E. E. Evans-Pritchard

Sir Edward Evan (E. E.) Evans-Pritchard (21 September 1902 – 11 September 1973) was an English anthropologist who was instrumental in the development of social anthropology. He was also Professor of Social Anthropology at the University of Oxford from 1946 to 1970.

Contents

Life and field work

Born in Crowborough, East Sussex, England, he was educated at Winchester College and studied history at Exeter College, Oxford, where he was influenced by R. R. Marett, and then as a postgraduate at the London School of Economics (LSE). There he came under the influence of Bronisław Malinowski and especially Charles Gabriel Seligman, the founding ethnographer of the Sudan. His first fieldwork began in 1926 with the Azande, a people of the upper Nile, and resulted in both a doctorate (in 1927) and his classic Witchcraft, Oracles and Magic Among the Azande (in 1937). Evans-Pritchard continued to lecture at the LSE and conduct research in Azande and Bongo[1] land until 1930, when he began a new research project among the Nuer.

This work coincided with his appointment to the University of Cairo in 1932, where he gave a series of lectures on religion that bore Seligman's influence. After his return to Oxford, he continued his research on Nuer. It was during this period that he first met Meyer Fortes and A. R. Radcliffe-Brown. Evans-Pritchard began developing Radcliffe-Brown's program of structural-functionalism. As a result his trilogy of works on the Nuer (The Nuer, Nuer Religion, and Kinship and Marriage Among the Nuer) and the volume he coedited entitled African Political Systems came to be seen as classics of British social anthropology. Evans-Pritchard's Witchcraft, Oracles and Magic Among the Azande is the first major anthropological contribution to the sociology of knowledge through its neutral — some would say "relativist" — stance on the "correctness" of Zande beliefs about causation. Evans-Pritchard's empirical work in this vein became well-known through philosophy of science and "rationality" debates of the 1960s and 1970s involving Thomas Kuhn and especially Paul Feyerabend.
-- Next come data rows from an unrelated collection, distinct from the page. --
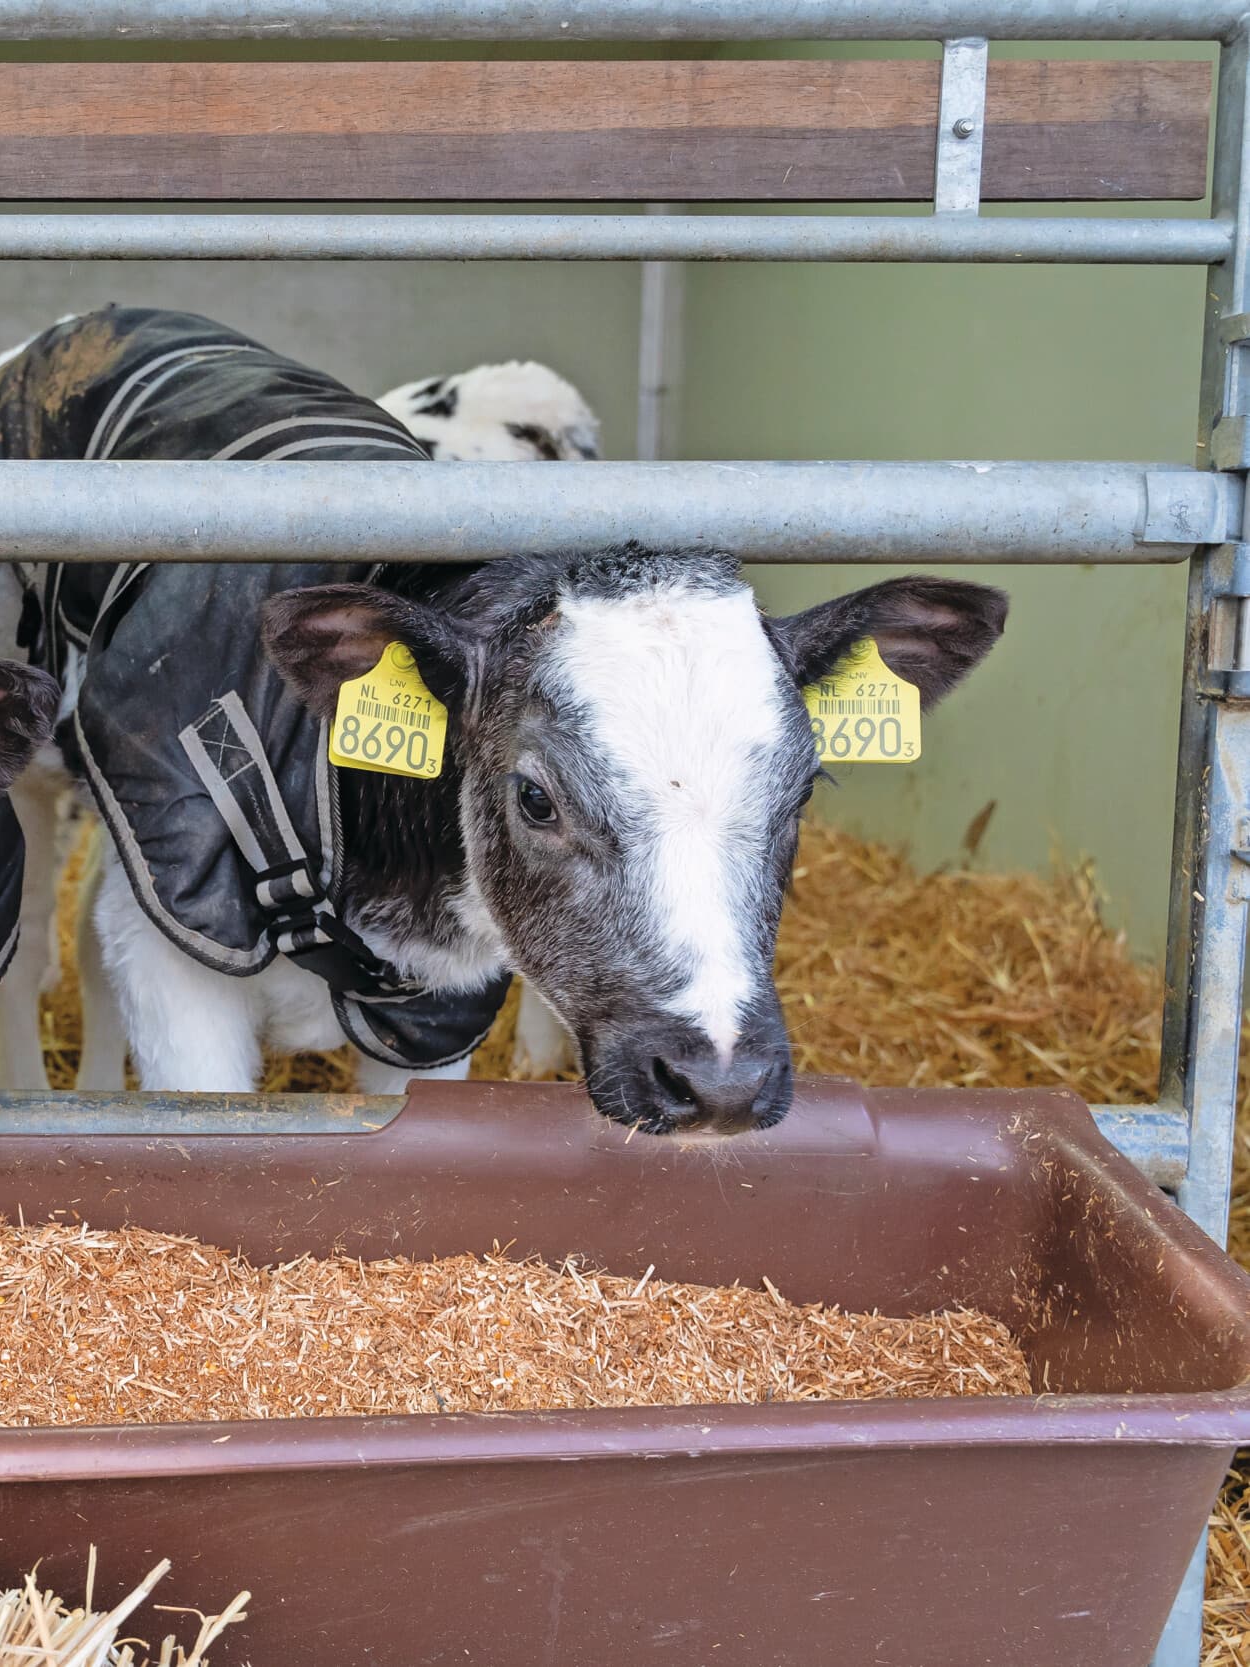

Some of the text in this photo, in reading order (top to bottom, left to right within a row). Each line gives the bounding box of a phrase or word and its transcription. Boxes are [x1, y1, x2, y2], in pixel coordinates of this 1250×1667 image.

[389, 679, 407, 688] LNV
[820, 682, 899, 697] NL 6271
[360, 683, 432, 713] NL 6271
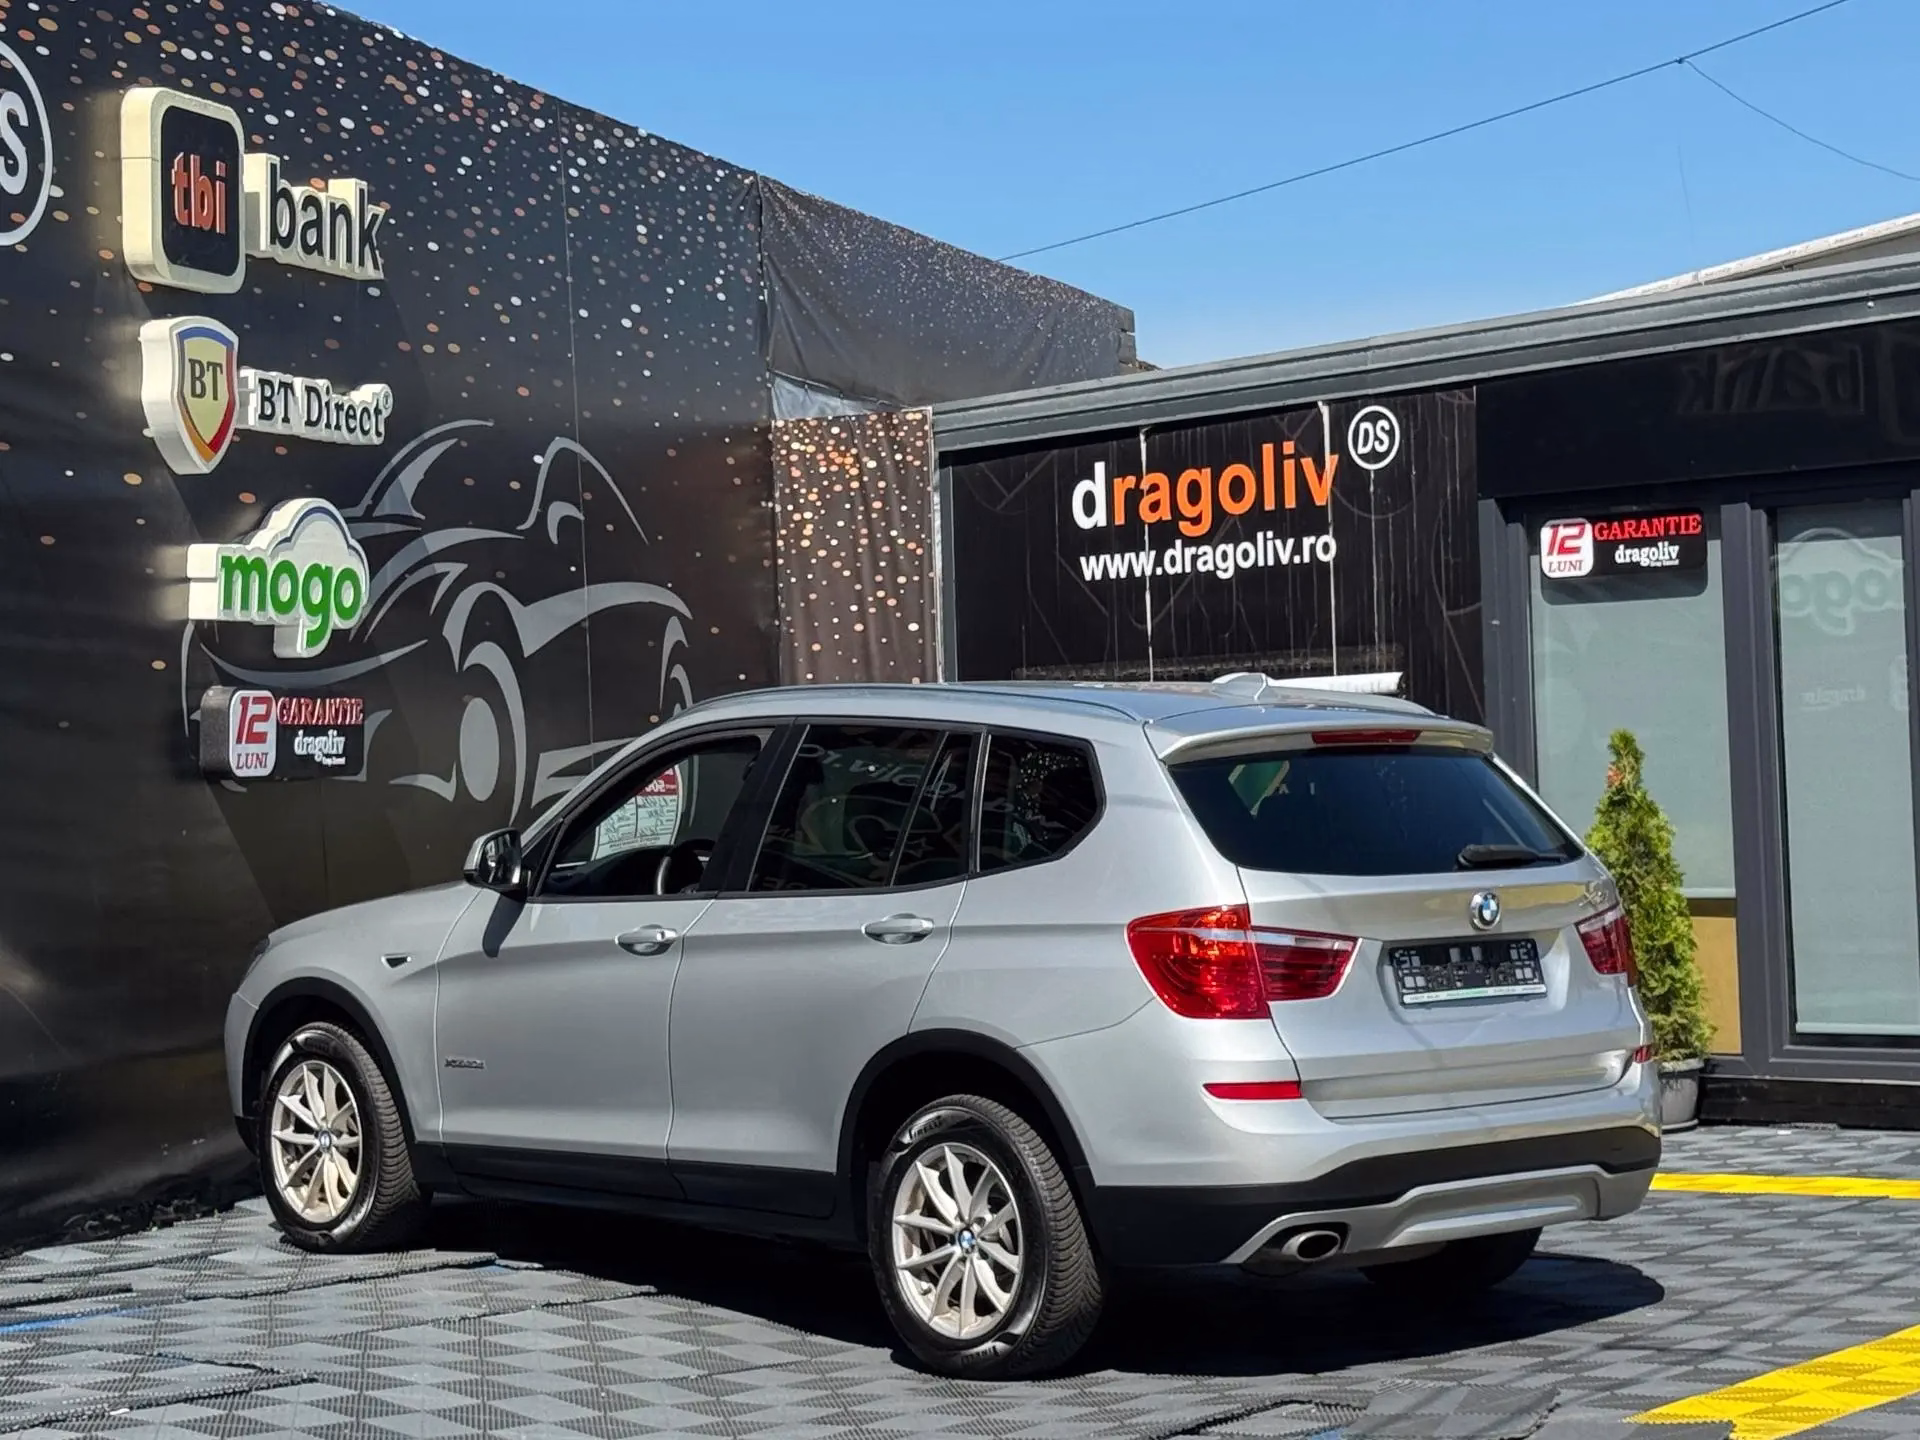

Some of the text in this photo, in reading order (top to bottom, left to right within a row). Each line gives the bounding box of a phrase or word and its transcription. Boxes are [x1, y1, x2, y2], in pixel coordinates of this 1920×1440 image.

[171, 152, 388, 271] tbi bank
[188, 358, 224, 401] BT
[258, 378, 295, 424] BT
[1357, 419, 1390, 455] DS
[1072, 440, 1339, 537] dragoliv
[1080, 531, 1337, 581] www.dragoliv.ro
[1547, 514, 1703, 557] 12 GARANTIE
[1614, 541, 1680, 567] dragoliv
[1548, 559, 1584, 574] LUNI
[220, 554, 363, 648] mogo
[235, 695, 364, 745] 12 GARANTIE
[236, 752, 269, 770] LUNI
[294, 729, 346, 762] dragoliv
During WWII Evans-Pritchard served in Ethiopia, Libya, Sudan, and Syria. In Sudan he raised irregular troops among the Anuak to harass the Italians and engaged in guerilla warfare. In 1942 he was posted to the British Military Administration of Cyrenaica in North Africa, and it was on the basis of his experience there that he produced The Sanusi of Cyrenaica. In documenting local resistance to Italian conquest, he became one of a few English-language authors to write about the tariqa. Near the end of the war, in 1944, he converted to Roman Catholicism.

After a brief stint in Cambridge, Evans-Pritchard became professor of social anthropology at the University of Oxford and a Fellow of All Souls College. He remained at All Souls College for the rest of his career. Among the doctoral students he advised was the late M. N. Srinivas, the doyen among India's sociologists who coined some of the key concepts in Indian sociological discourse, including "Sanskritization," "dominant caste" and "vote bank." One of his notable students is Talal Asad, who now teaches at the City University of New York. Mary Douglas' classic Purity and Danger on pollutions and uncertainty — what we often denote as 'risk' — was fundamentally influenced by Evans-Pritchard's views on how accusations, blame and responsibility are deployed though culturally-specific conceptions of misfortune and harm.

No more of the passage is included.